As you work through the listing below, copy each line exactly and drop the images.

[Dataset content Boundary: Start]

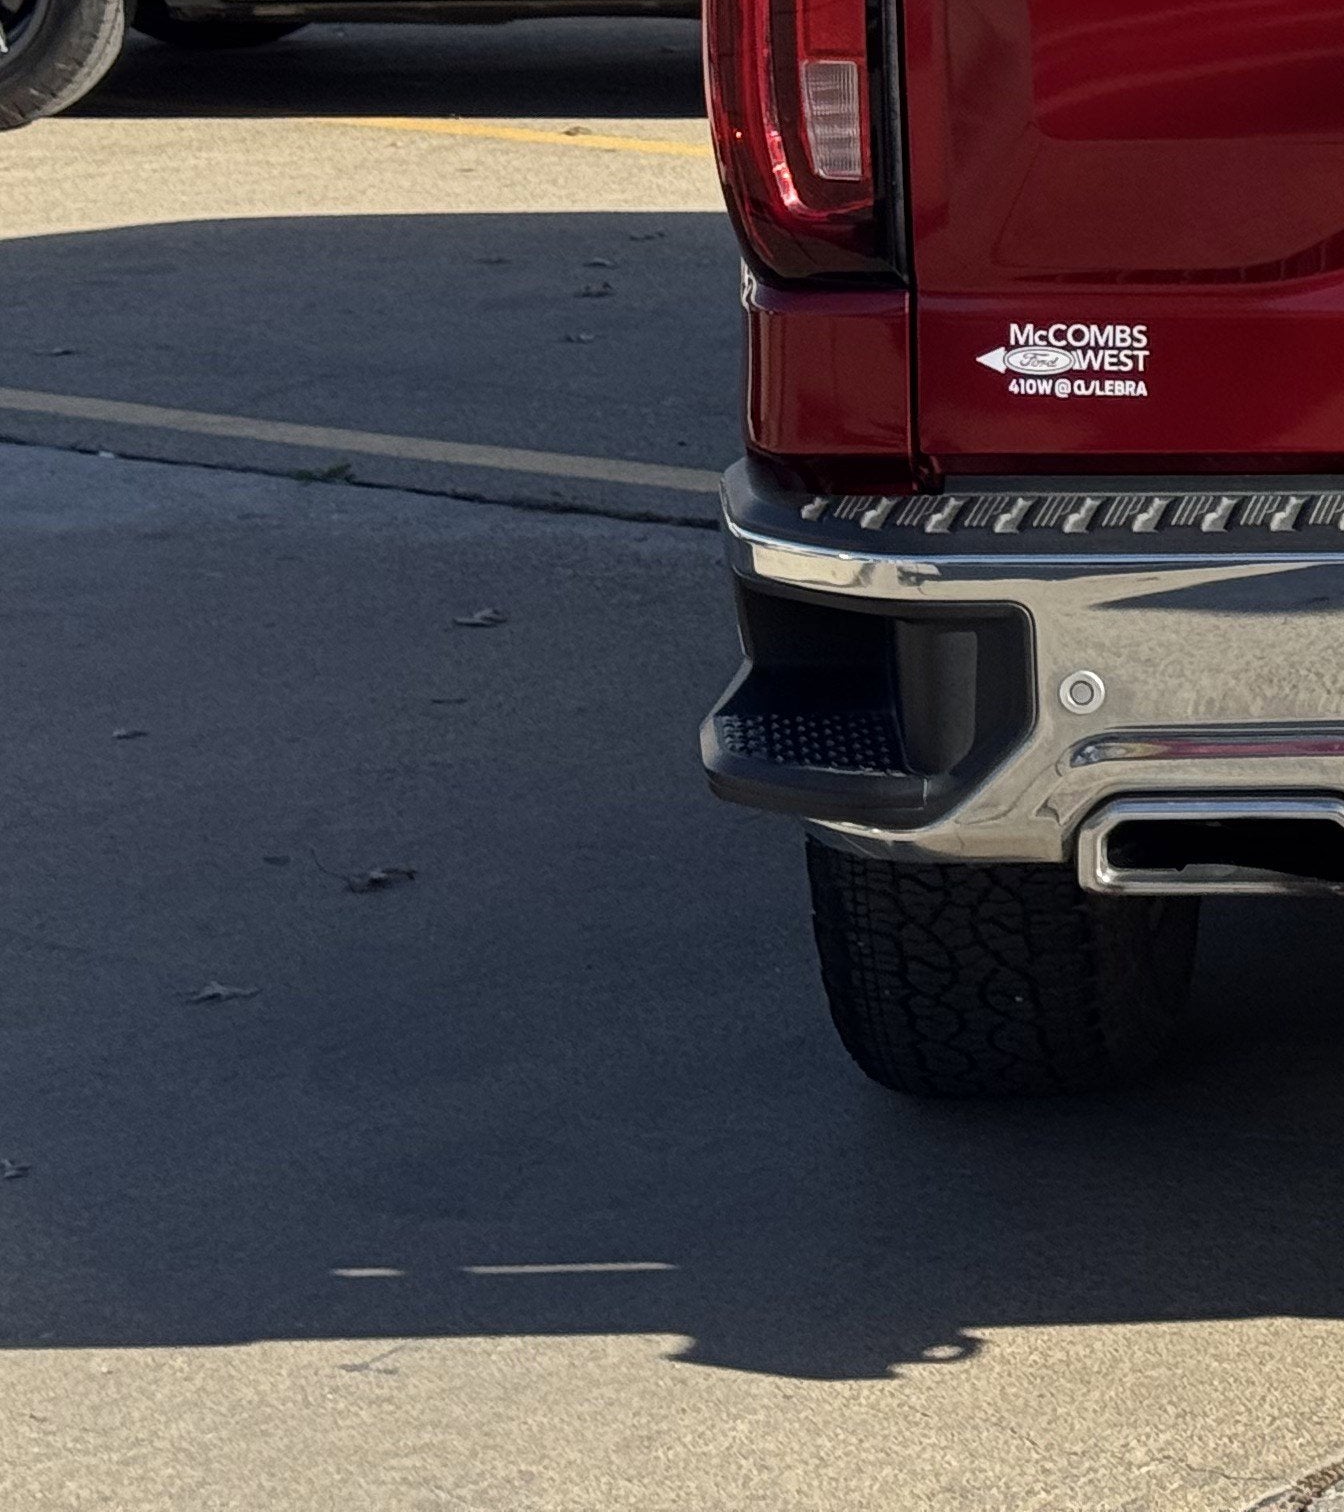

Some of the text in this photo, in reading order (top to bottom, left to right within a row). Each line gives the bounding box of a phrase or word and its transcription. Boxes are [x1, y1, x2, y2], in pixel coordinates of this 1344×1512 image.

[1009, 323, 1149, 348] McCOMBS
[1020, 349, 1151, 372] Ford WEST
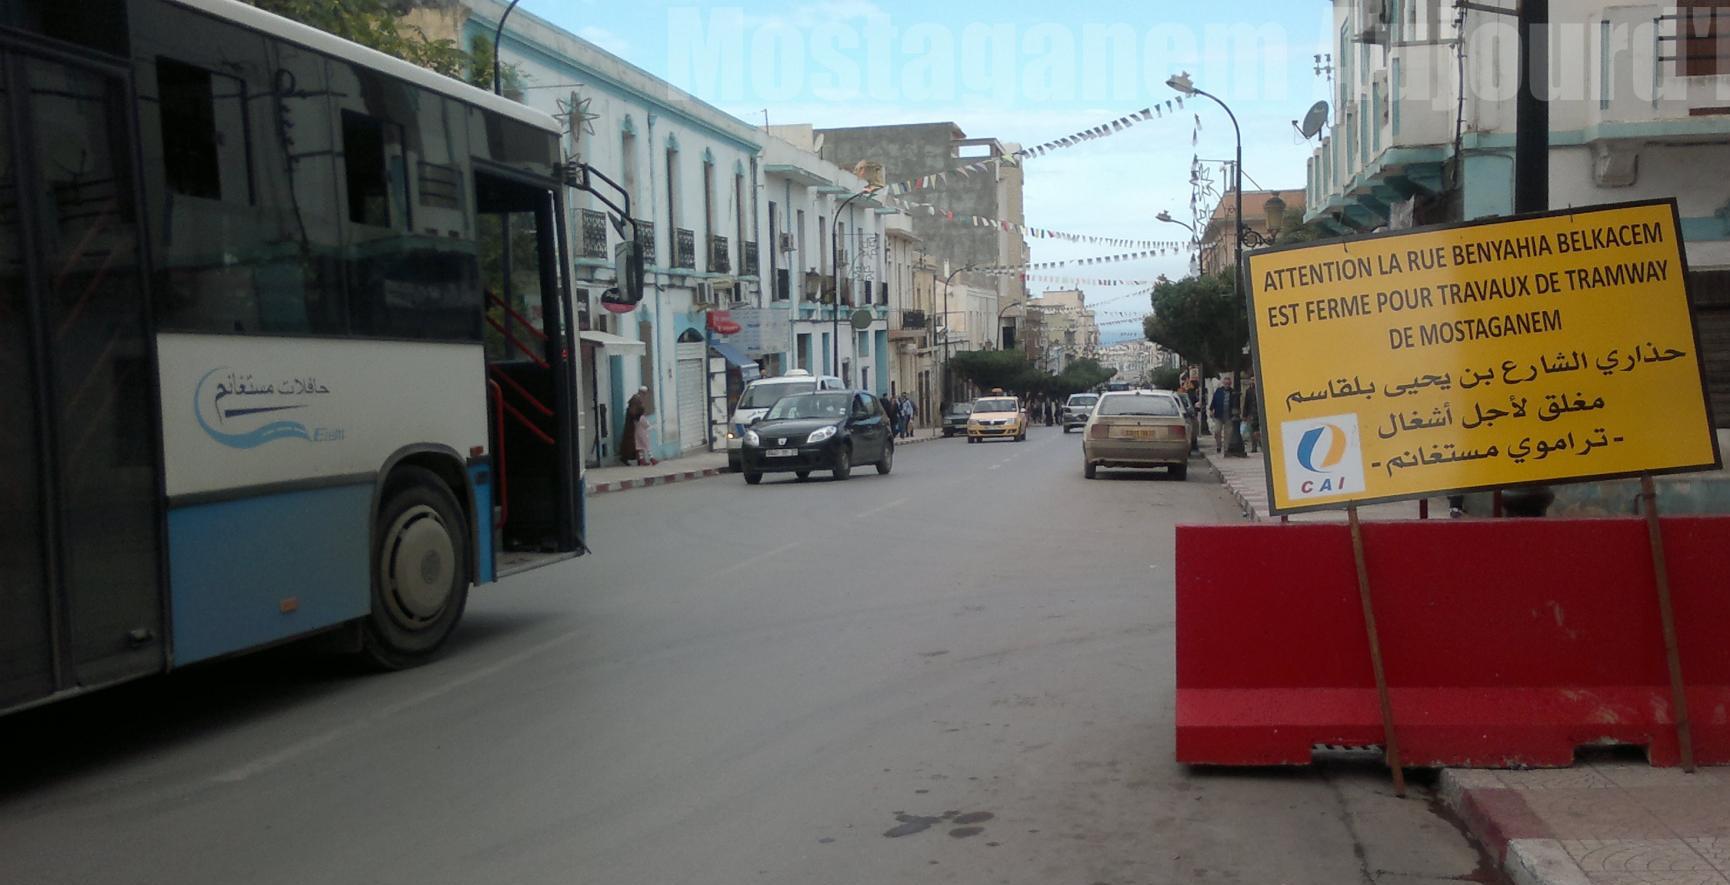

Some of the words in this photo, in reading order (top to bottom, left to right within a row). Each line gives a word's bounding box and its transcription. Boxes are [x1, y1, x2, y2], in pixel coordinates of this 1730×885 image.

[1263, 256, 1373, 293] ATTENTION
[1378, 253, 1403, 276] LA
[1407, 247, 1448, 272] RUE
[1452, 234, 1553, 266] BENYAHIA
[1557, 222, 1664, 254] BELKACEM
[1267, 303, 1300, 328] EST
[1305, 294, 1372, 322] FERME
[1376, 287, 1433, 313] POUR
[1436, 275, 1531, 306] TRAVAUX
[1535, 271, 1561, 295] DE
[1565, 259, 1668, 291] TRAMWAY
[1389, 326, 1416, 350] DE
[1419, 309, 1563, 347] MOSTAGANEM
[1501, 350, 1588, 385] الشارع
[1595, 342, 1687, 376] حذاري
[278, 376, 331, 396] حافلات
[1285, 375, 1376, 413] بلقاسم
[1383, 372, 1452, 398] يحيى
[1459, 367, 1495, 389] بن
[214, 372, 275, 425] مستغانم
[1461, 394, 1528, 429] لأجل
[1537, 391, 1605, 422] مغلق
[1377, 401, 1453, 440] أشغال
[1300, 476, 1346, 494] CAI
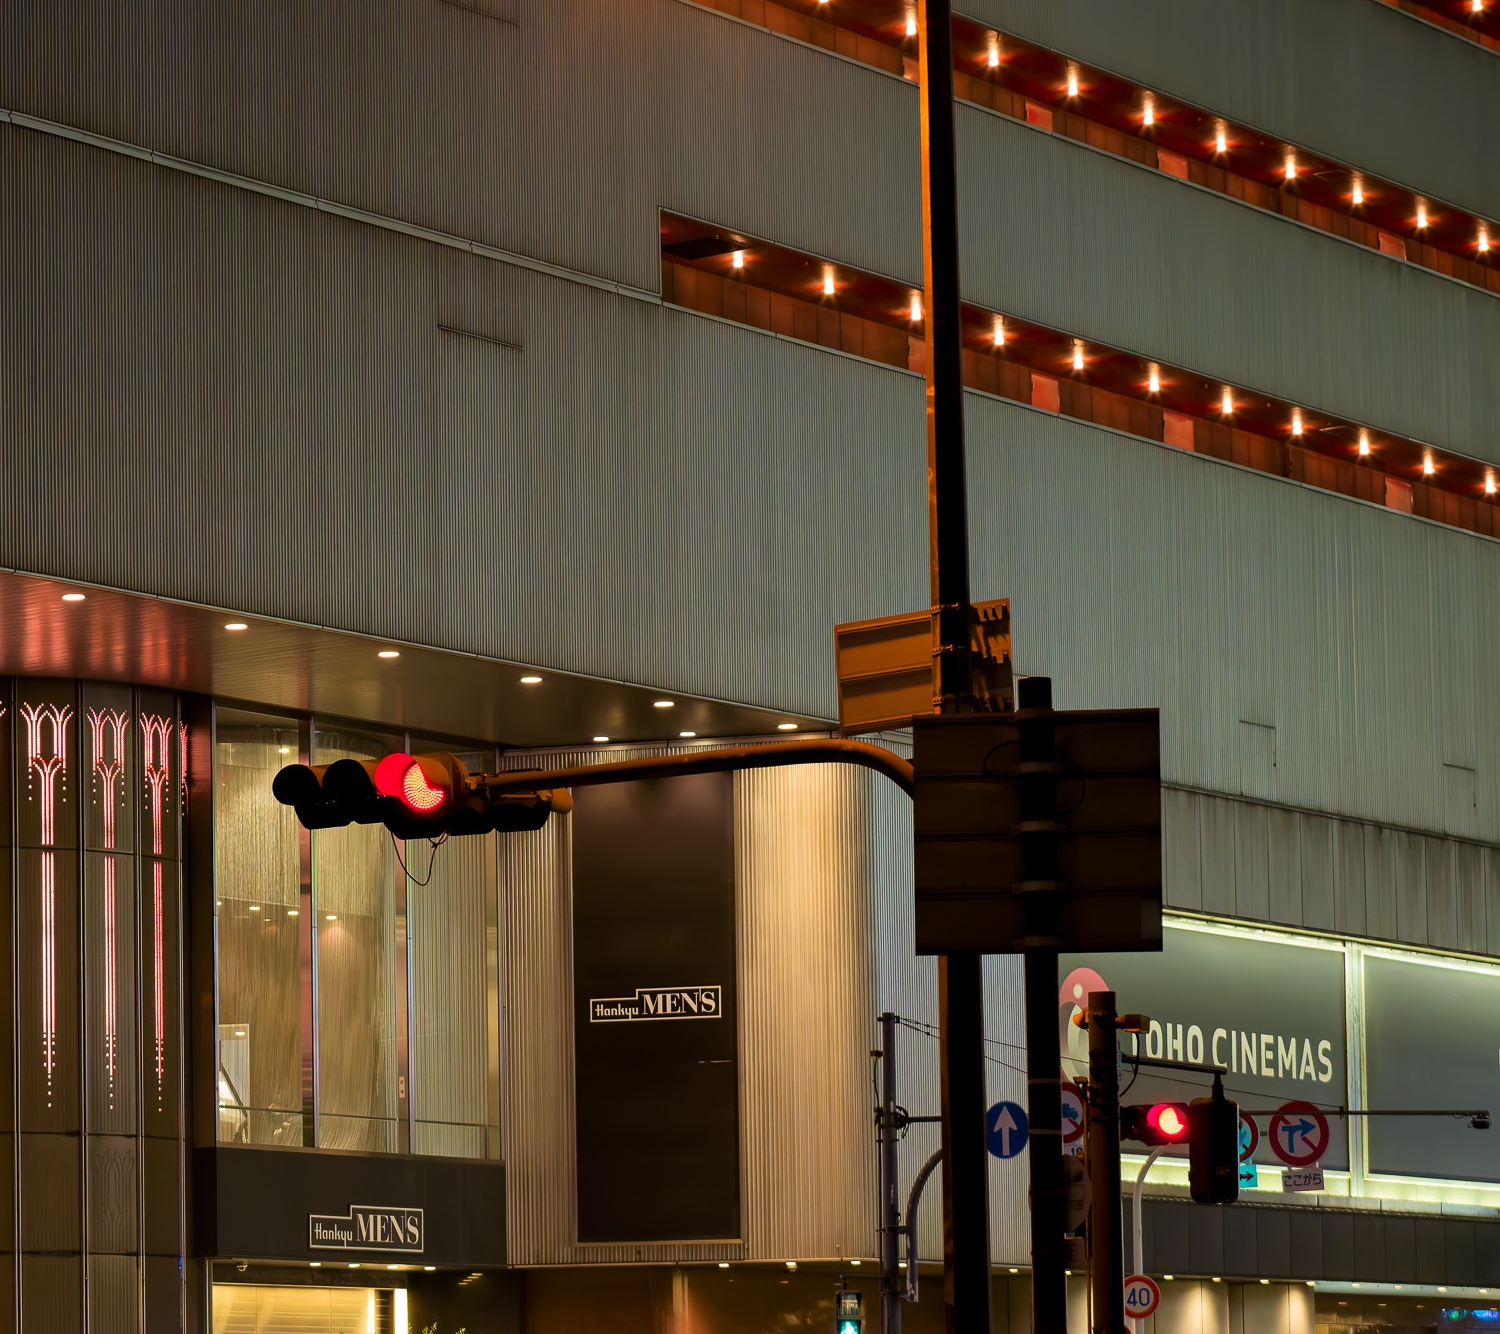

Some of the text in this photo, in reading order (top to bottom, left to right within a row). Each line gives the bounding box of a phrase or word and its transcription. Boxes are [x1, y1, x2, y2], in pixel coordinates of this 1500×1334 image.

[Dataset content Boundary: End]

Task solution:
Some of the text in this photo, in reading order (top to bottom, left to right within a row). Each line gives the bounding box of a phrase or word and its transcription. Boxes are [x1, y1, x2, y2], in pixel coordinates of this 1344×1512 image.

[1009, 323, 1149, 348] McCOMBS
[1020, 349, 1151, 372] Ford WEST

Some of the words in this photo, in reading order (top to bottom, left to right within a row). Each line gives a word's bounding box and its transcription. Boxes are [x1, y1, x2, y2], in pixel coordinates of this 1730×885 image.

[1263, 256, 1373, 293] ATTENTION
[1378, 253, 1403, 276] LA
[1407, 247, 1448, 272] RUE
[1452, 234, 1553, 266] BENYAHIA
[1557, 222, 1664, 254] BELKACEM
[1267, 303, 1300, 328] EST
[1305, 294, 1372, 322] FERME
[1376, 287, 1433, 313] POUR
[1436, 275, 1531, 306] TRAVAUX
[1535, 271, 1561, 295] DE
[1565, 259, 1668, 291] TRAMWAY
[1389, 326, 1416, 350] DE
[1419, 309, 1563, 347] MOSTAGANEM
[1501, 350, 1588, 385] الشارع
[1595, 342, 1687, 376] حذاري
[278, 376, 331, 396] حافلات
[1285, 375, 1376, 413] بلقاسم
[1383, 372, 1452, 398] يحيى
[1459, 367, 1495, 389] بن
[214, 372, 275, 425] مستغانم
[1461, 394, 1528, 429] لأجل
[1537, 391, 1605, 422] مغلق
[1377, 401, 1453, 440] أشغال
[1300, 476, 1346, 494] CAI

Some of the text in this photo, in reading order (top to bottom, left to right within a row). Each line gives the bounding box of a phrase or word and its transcription. Boxes are [x1, y1, x2, y2], in pixel coordinates of this 1500×1334 image.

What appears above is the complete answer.